The reason has to do with how people form relationships. Neal said people usually develop relationships with others who are close rather than far away, and similar rather than different from themselves (be it through race, religion, social class, etc.).

Neal ran computer modeling of different fictional neighborhoods and, after millions of trials, consistently found the same thing: The more integrated a neighborhood is, the less socially cohesive it becomes, and vice versa…

Neal said he started the project because past research had failed to turn up a city that is both truly integrated and cohesive – from the United States to the United Kingdom to Asia. But it’s not from lack of effort, he said.

This sounds similar to Thomas Schelling’s famous 1971 piece “Dynamic Models of Segregation.” Working with hypothetical models and different assumptions about what two racial/ethnic groups might desire for the best neighborhood composition, Schelling suggested the actions of the two groups tend to lead to more segregated than integrated outcomes. Later research based on these ideas suggests whites generally start moving out of a neighborhood when it becomes roughly 15% black while blacks say they are more comfortable with up to a 50/50 mix of whites and blacks.

If this doesn’t often work in neighborhoods and cities today, wouldn’t one solution be to try to focus less on particular locations and instead working at a more societal level to try to get people to be more comfortable interacting with and eventually living with people different than themselves?
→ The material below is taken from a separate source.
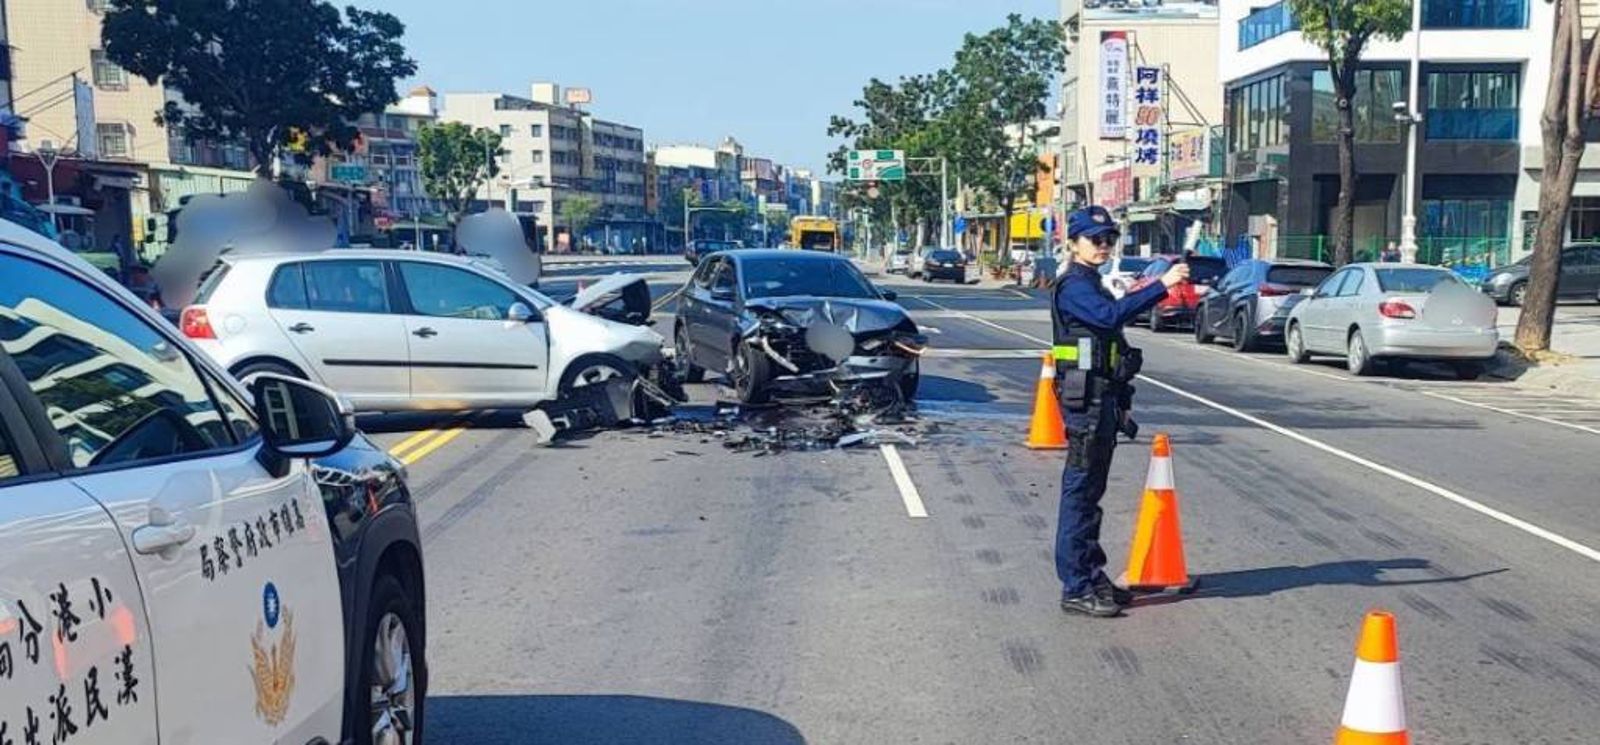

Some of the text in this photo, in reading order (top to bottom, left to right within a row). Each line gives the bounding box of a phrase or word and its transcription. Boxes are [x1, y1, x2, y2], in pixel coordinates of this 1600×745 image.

[200, 497, 305, 581] 高雄市政府警察局
Effects of residential segregation: American schools racially divided across districts

A new sociological study finds more of the racial and ethnic variation in American education takes place across school districts:

Nearly 60 years after the landmark Brown v. Board of Education Supreme Court decision that ordered school districts to desegregate, schools seem to be trending back toward their segregated pasts. In the 1968-69 school year, when the U.S. Department of Education started to enforce Brown, about 77 percent of black students and 55 percent of Latino students attended public schools that were more than half-minority. By the 2009-2010 school year, the picture wasn’t much better for black students, and it was far worse for Latinos: 74 percent of black students and 80 percent of Latino students went to schools that were more than half-minority. More than 40 percent of black and Latino students attended schools that were 90 percent to 100 percent minority…

Whites are nearly a minority in the U.S. population under the age of five, and Census projections predict that by 2043, whites will no longer be the majority of the U.S. population overall. “There’s going to be fewer whites in minority schools because there are fewer whites in the population,” said Fiel.

Another part of the problem is with desegregation policies themselves. At the time of the Brown decision, schools in the same district were vastly unequal to one another, so efforts went toward integrating schools within each district. That made sense to combat segregation as it existed at the time.

Today, though…”The biggest barrier to reducing racial isolation…is racial imbalance between school districts in the same metropolitan area/nonmetropolitan county,” Fiel wrote in his American Sociological Review article.

In other words, where people can live, typically determined by wealth and income which are related to education and race and ethnicity, helps determines the differential outcomes of school districts. If residential segregation is common – and it is in many metropolitan areas in the United States – then we shouldn’t be surprised that other outcomes are unequal.